Fluffy & Protein-Packed Vegan Oatmeal Pancakes
Hey there, fellow plant-based breakfast lovers! If you’re searching for a hearty, nutritious start to your day without compromising on flavor, you’re in the right place. My Vegan Oatmeal Protein Pancakes are the perfect solution—delicious, easy to make, and packed with plant-based protein to keep you energized all morning long. Whether you’re fueling up for a busy day ahead or enjoying a cozy weekend brunch, these pancakes have got you covered. Let’s dive into this wholesome, fluffy delight!
Fluffy & Protein-Packed Vegan Oatmeal Pancakes
Ingredients
- For the Pancakes:
- 1 ½ cups rolled oats gluten-free if preferred
- 1 cup plant-based milk almond, soy, oat, or your favorite
- 1 ripe banana mashed
- 2 tablespoons chia seeds or ground flaxseeds
- 1 scoop vegan protein powder vanilla or unflavored
- 2 tablespoons maple syrup or agave nectar
- 1 teaspoon baking powder
- 1 teaspoon vanilla extract
- ½ teaspoon ground cinnamon
- Pinch of salt
- 2 tablespoons coconut oil or vegetable oil plus more for the pan
- Optional Add-Ins:
- Fresh berries chocolate chips, chopped nuts, or dried fruits
Instructions
- Prepare the Oats:
- In a blender or food processor, blend the rolled oats until they become a fine, flour-like consistency.

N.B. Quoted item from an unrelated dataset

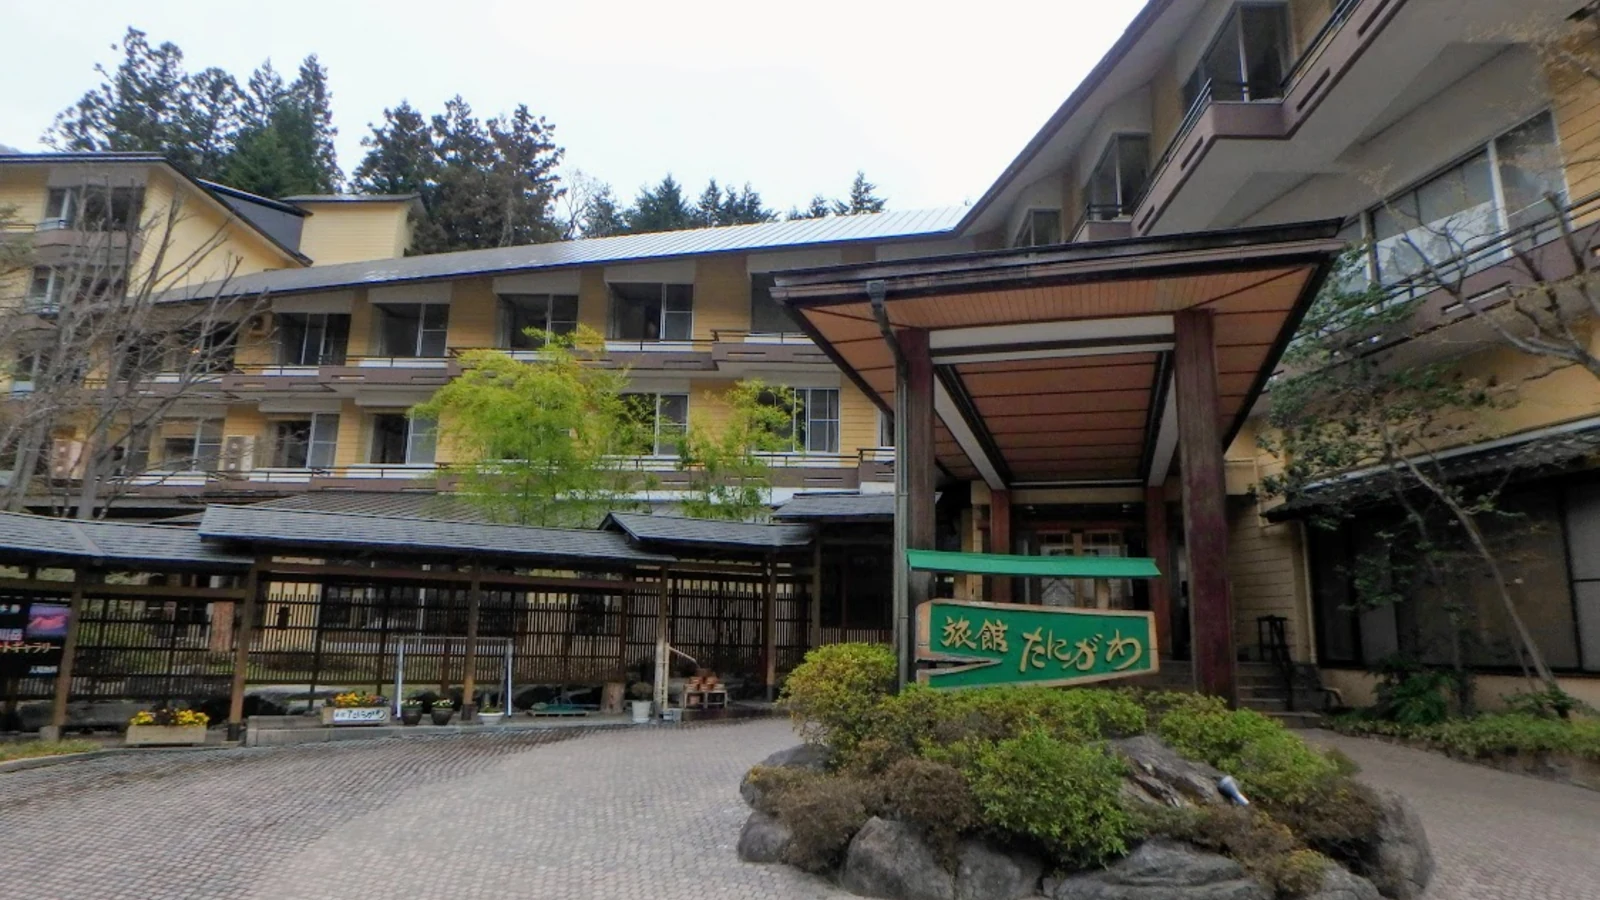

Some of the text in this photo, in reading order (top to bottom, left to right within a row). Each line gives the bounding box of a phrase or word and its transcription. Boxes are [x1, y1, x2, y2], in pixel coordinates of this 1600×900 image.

[940, 615, 1142, 673] 旅館 たにがわ

- Mix the Wet Ingredients:
- In a large mixing bowl, combine the mashed banana, plant-based milk, chia seeds, maple syrup, and vanilla extract. Stir well until fully combined.
- Combine Dry Ingredients:
- Add the oat flour, vegan protein powder, baking powder, cinnamon, and a pinch of salt to the wet mixture. Stir until just combined. Gently fold in optional add-ins if desired.
- Heat the Pan:
- Heat a non-stick skillet or griddle over medium heat and add coconut oil or vegetable oil to coat the surface.
- Cook the Pancakes:
- Pour about ¼ cup of batter onto the skillet for each pancake. Cook until bubbles form and the edges are set (about 2-3 minutes). Flip and cook for another 1-2 minutes until golden.
- Serve Warm:
- Serve with maple syrup, almond butter, fresh fruits, and nuts for extra flavor and nutrition.
Notes
Tips for Perfect Pancakes:
- Consistency Check: Adjust thickness by adding more plant-based milk if too thick, or more oat flour if too thin.
- Even Cooking: Ensure the skillet is properly heated for a golden finish.
- Flavor Enhancements: Add nutmeg or almond extract for extra flavor, or spinach for a savory twist.
- Make Ahead: Store batter in the fridge overnight and stir before cooking.